Records shown:

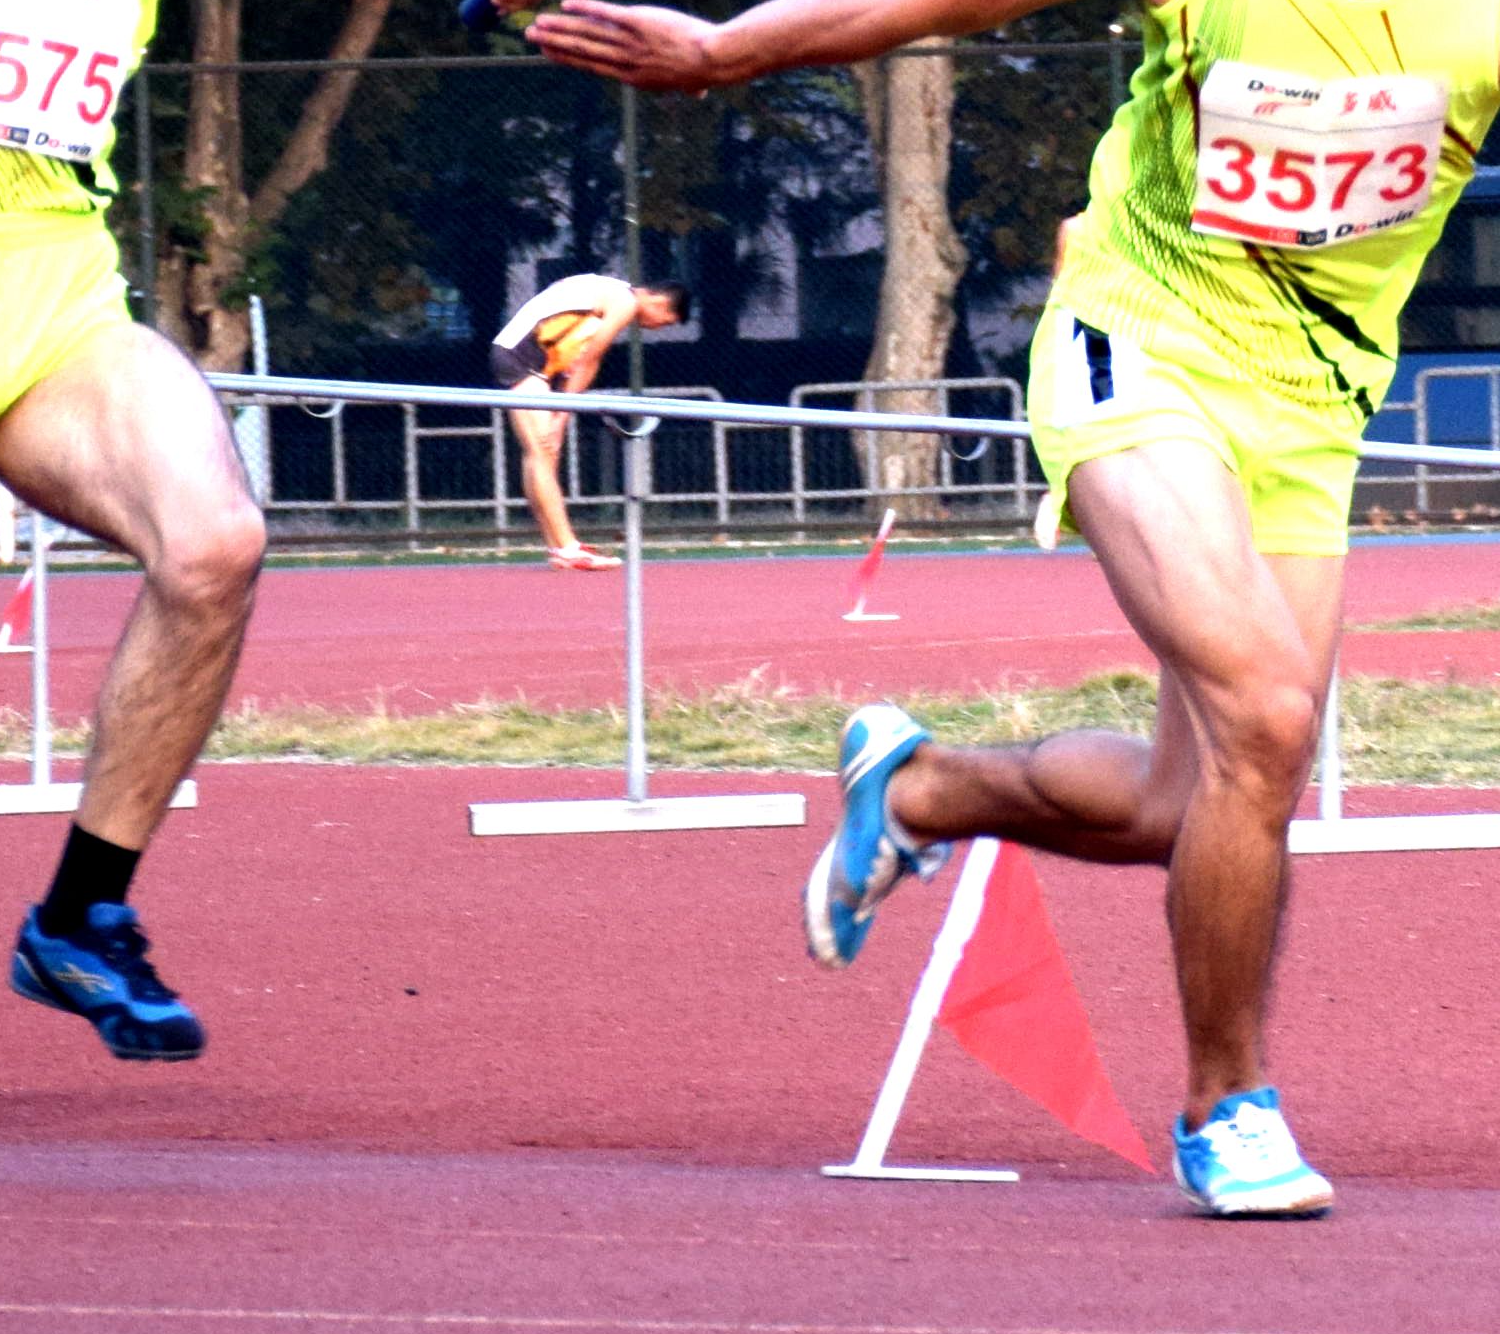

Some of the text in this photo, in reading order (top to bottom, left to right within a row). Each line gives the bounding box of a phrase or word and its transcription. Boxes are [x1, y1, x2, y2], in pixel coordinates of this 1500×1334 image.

[1247, 79, 1322, 101] Do-win
[35, 131, 92, 156] Do-win
[1206, 137, 1428, 213] 3573
[1334, 209, 1414, 238] Do-win
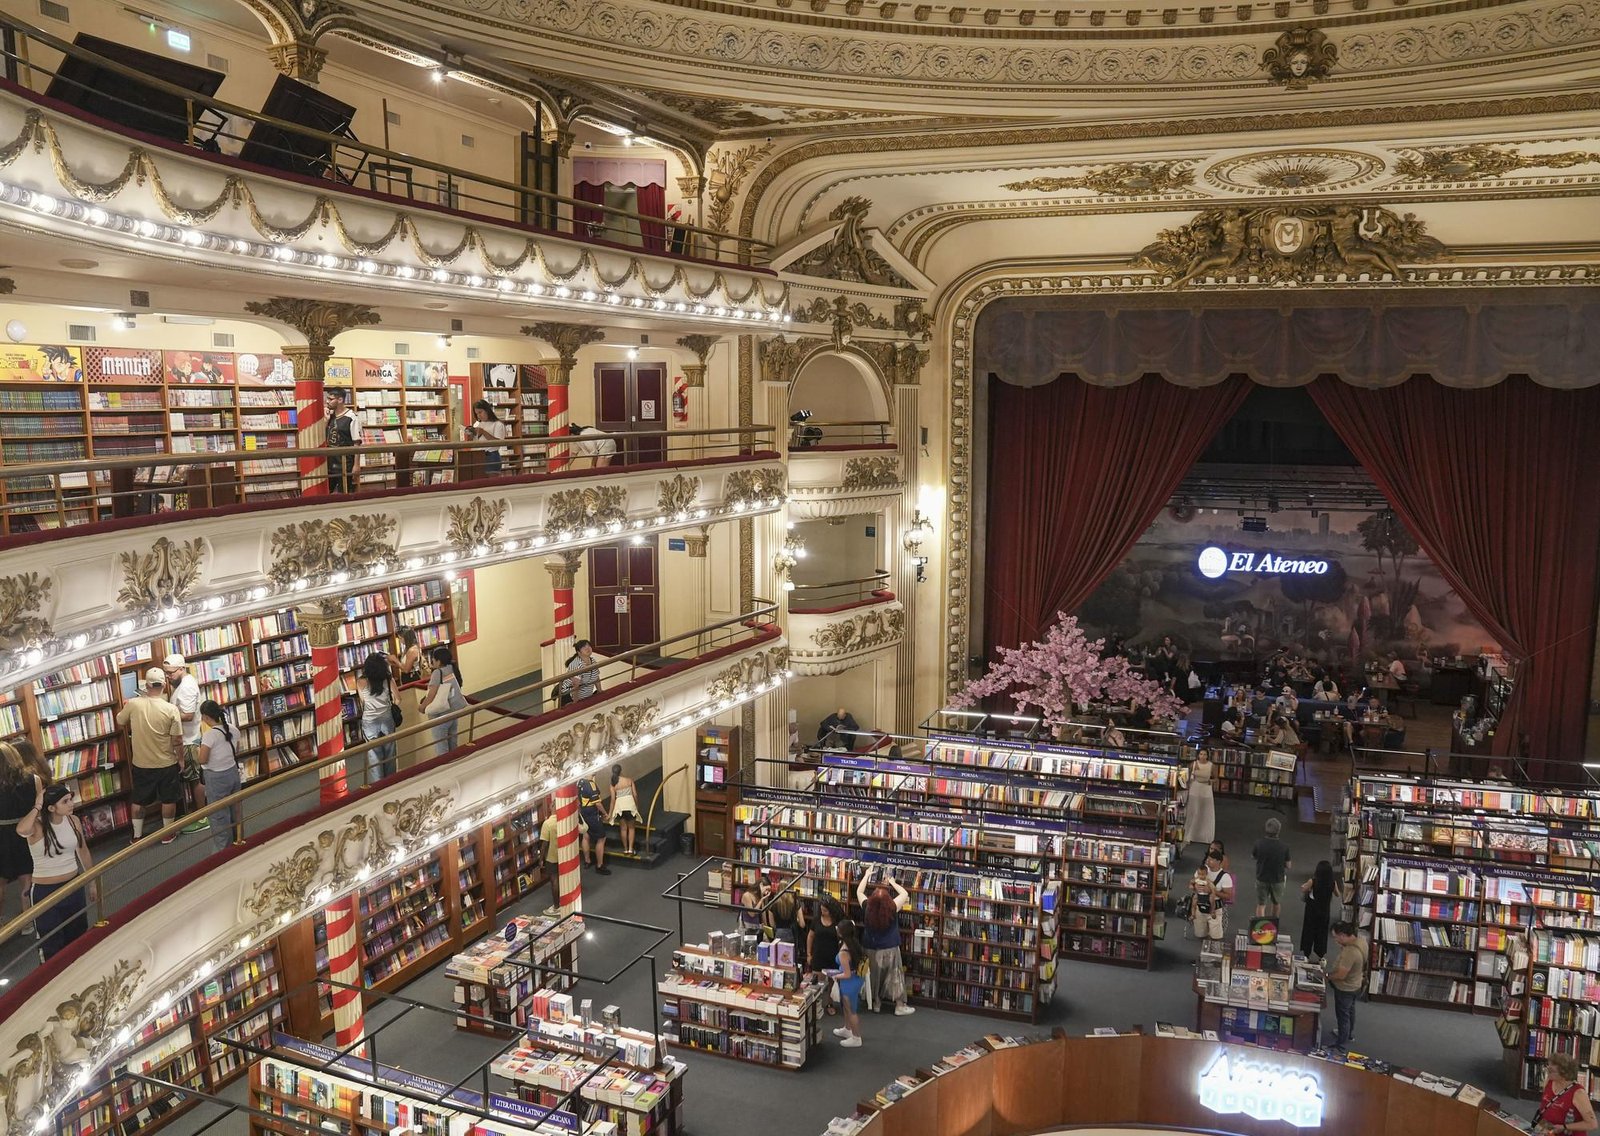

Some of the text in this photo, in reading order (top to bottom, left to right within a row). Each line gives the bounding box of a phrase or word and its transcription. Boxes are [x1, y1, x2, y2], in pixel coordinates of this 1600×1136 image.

[101, 356, 151, 376] MANGA
[365, 369, 392, 378] MANGA
[1228, 552, 1328, 575] El Ateneo
[776, 794, 802, 802] LITERARIA
[835, 800, 855, 808] CRÍTICA
[886, 857, 919, 866] POLICIALES
[978, 870, 1012, 878] POLICIALES
[1493, 868, 1530, 878] MARKETING
[1536, 873, 1575, 882] PUBLICIDAD
[306, 1042, 338, 1057] LITERATURA
[412, 1075, 446, 1090] LITERATURA
[495, 1098, 572, 1125] LITERATURA LATINOAERICANA

Required action: Without the pictures, give the entries above back exactly.

Written response:
Some of the text in this photo, in reading order (top to bottom, left to right within a row). Each line gives the bounding box of a phrase or word and its transcription. Boxes are [x1, y1, x2, y2], in pixel coordinates of this 1500×1334 image.

[1247, 79, 1322, 101] Do-win
[35, 131, 92, 156] Do-win
[1206, 137, 1428, 213] 3573
[1334, 209, 1414, 238] Do-win

Some of the text in this photo, in reading order (top to bottom, left to right within a row). Each line gives the bounding box of a phrase or word and its transcription. Boxes are [x1, y1, x2, y2], in pixel coordinates of this 1600×1136 image.

[101, 356, 151, 376] MANGA
[365, 369, 392, 378] MANGA
[1228, 552, 1328, 575] El Ateneo
[776, 794, 802, 802] LITERARIA
[835, 800, 855, 808] CRÍTICA
[886, 857, 919, 866] POLICIALES
[978, 870, 1012, 878] POLICIALES
[1493, 868, 1530, 878] MARKETING
[1536, 873, 1575, 882] PUBLICIDAD
[306, 1042, 338, 1057] LITERATURA
[412, 1075, 446, 1090] LITERATURA
[495, 1098, 572, 1125] LITERATURA LATINOAERICANA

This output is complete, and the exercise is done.